In 6.69 Peter says, “and we believe and are sure that thou art that Christ, the Son of the Living God. Here the emphasis is on believing and then knowing. Nevertheless it is okay to know and believe. Indeed, the Gospel of John was written, and the signs specifically selected in this gospel were written, “that ye might believe that Jesus is the Christ, the Son of God; and that believing ye might have life through His name.” But how can people believe without first knowing what was written! In other words, we need to read, know and then believe. It is the Word of God alone that can produce faith in our Lord Jesus Christ. See Rom.10.17 “So, then, faith cometh by hearing, and hearing by the word of God.

10.41-42 says “John did no miracle”. This proves that miracles were not really a necessity when new revelation was introduced. John was the forerunner of our Lord; the greatest among men born of women (Mat. 11.11). Nevertheless, he performed no miracles. And yet the people admit, “but all things that John spoke of this man were true. And many believed on him there.” Today we don’t require to perform miracles for people to believe our message about Christ. The Word alone is sufficient to lead them into a saving knowledge of the Lord Himself.

14.12 “Verily, verily, I say unto you, He that believeth on me, the works that I do shall he do also; and greater works than these shall he do, because I go unto my Father.” The words ‘greater works’ also occurs in 5.20 “For the Father loveth the Son, and showeth him all things that he himself doeth; and he will show him greater works than these, that ye may marvel”. The only difference in the original being that the word ‘works’ does not appear in 14.12, although this of course is implied. The link between these two verses is most interesting.

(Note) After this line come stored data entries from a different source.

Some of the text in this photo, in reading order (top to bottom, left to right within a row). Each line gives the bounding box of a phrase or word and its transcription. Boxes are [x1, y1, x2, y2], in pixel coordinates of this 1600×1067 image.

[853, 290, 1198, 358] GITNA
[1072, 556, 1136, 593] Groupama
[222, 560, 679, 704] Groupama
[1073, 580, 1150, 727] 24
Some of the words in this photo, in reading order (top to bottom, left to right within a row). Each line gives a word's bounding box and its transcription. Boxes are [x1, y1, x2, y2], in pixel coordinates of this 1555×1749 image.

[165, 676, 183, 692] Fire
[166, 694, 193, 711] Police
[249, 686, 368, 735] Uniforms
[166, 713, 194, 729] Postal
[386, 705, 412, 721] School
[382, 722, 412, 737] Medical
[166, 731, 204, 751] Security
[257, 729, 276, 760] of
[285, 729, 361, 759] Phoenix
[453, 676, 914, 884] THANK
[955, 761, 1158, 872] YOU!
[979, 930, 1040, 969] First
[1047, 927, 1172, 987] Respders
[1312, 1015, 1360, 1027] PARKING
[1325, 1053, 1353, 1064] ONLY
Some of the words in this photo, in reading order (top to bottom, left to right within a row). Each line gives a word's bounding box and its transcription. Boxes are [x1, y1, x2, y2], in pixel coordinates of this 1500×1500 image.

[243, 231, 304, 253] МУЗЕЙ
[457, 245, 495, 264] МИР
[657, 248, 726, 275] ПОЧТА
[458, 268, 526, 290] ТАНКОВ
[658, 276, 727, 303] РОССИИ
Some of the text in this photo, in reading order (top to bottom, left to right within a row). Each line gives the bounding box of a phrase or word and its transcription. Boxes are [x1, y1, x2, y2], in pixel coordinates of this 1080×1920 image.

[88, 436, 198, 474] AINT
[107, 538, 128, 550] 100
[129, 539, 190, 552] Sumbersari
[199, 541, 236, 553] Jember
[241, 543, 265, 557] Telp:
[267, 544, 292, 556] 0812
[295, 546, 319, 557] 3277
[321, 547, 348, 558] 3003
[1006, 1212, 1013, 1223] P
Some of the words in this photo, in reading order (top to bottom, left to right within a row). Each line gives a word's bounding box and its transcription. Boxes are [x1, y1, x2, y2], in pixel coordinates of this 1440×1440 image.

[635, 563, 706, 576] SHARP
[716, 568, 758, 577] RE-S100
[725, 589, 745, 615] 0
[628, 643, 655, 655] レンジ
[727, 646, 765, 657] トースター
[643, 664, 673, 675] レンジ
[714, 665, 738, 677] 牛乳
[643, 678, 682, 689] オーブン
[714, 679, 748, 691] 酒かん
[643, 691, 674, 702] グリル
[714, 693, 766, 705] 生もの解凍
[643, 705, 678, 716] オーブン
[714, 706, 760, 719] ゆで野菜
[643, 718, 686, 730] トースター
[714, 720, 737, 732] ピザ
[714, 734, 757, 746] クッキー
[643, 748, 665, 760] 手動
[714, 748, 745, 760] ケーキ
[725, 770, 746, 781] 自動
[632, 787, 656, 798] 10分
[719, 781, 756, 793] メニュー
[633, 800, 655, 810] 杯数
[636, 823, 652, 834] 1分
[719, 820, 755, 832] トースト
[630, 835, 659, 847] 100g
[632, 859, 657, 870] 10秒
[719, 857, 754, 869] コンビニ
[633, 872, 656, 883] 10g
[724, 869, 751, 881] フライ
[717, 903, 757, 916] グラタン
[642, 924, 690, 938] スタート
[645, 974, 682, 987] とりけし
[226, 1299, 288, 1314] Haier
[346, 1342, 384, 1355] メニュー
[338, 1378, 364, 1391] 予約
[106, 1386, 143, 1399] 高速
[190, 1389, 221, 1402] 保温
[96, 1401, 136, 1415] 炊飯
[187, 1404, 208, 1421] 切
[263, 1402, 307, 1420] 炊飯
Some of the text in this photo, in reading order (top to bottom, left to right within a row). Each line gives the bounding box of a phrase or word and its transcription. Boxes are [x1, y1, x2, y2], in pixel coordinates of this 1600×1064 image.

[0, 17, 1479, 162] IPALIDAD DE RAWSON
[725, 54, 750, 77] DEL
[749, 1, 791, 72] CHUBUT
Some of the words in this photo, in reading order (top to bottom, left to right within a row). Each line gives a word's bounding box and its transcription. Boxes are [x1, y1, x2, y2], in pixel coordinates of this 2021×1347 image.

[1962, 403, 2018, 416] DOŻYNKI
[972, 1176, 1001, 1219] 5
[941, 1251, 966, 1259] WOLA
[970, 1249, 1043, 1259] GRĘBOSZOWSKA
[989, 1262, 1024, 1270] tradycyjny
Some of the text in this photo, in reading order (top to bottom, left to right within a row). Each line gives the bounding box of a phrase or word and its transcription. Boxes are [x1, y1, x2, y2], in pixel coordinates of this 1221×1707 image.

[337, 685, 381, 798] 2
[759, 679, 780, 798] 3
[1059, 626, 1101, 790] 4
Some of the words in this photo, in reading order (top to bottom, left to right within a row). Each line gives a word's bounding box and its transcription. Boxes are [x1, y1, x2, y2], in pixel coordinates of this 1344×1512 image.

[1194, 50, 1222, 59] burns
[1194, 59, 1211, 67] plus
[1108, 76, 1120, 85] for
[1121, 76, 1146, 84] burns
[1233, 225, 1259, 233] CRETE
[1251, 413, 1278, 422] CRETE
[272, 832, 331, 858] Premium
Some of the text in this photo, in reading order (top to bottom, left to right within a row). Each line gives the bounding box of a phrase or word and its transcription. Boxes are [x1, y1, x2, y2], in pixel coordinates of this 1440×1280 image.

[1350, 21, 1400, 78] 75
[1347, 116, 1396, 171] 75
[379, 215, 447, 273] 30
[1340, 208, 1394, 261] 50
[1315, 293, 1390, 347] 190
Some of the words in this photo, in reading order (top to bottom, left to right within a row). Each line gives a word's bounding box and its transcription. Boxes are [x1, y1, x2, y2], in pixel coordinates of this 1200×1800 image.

In 5.19 we read “Then answered Jesus, and said unto them, Verily, verily, I say unto you, The Son can do nothing of himself, but what he seeth the Father do; for whatever things he doeth, these also doeth the Son in the same manner.” The Lord Jesus Christ did all things that he saw his Father do. The next verse (5.20) tells us that the Father “will show him greater works than these...” and the Son would definitely do them in the same manner. Therefore the Son himself will do greater works than what he had done so far. Then in 14.12 the Lord says that his disciples who believe on him would do the very same works that he himself had done and even greater works. Interestingly, the reason given for this is because Jesus said “I go unto my Father.” In other words, here on earth, Jesus did all that the Father had shown him. Now, returning back to his Father, he would continue doing those things which his Father would henceforth show him – the greater works mentioned in 5.20. And these greater works would not only be shown by the Father to the Son, the Son himself would do them through his disciples here on earth, as intimated in the next verse in 14.13-14 “And whatever ye shall ask in my name, that will I do, that the Father may be glorified in the Son. If ye shall ask anything in my name, I will do it.” What wonderful words to encourage us in our prayers. So it is entirely wrong to say, as most have said in the past, that Jesus performed many wonderful things, but his disciples would do greater things. No, it is Jesus himself who would do those greater things, only now he does them through his disciples here on earth, himself having gone back to his father and therefore able to do them, seeing his Father do them.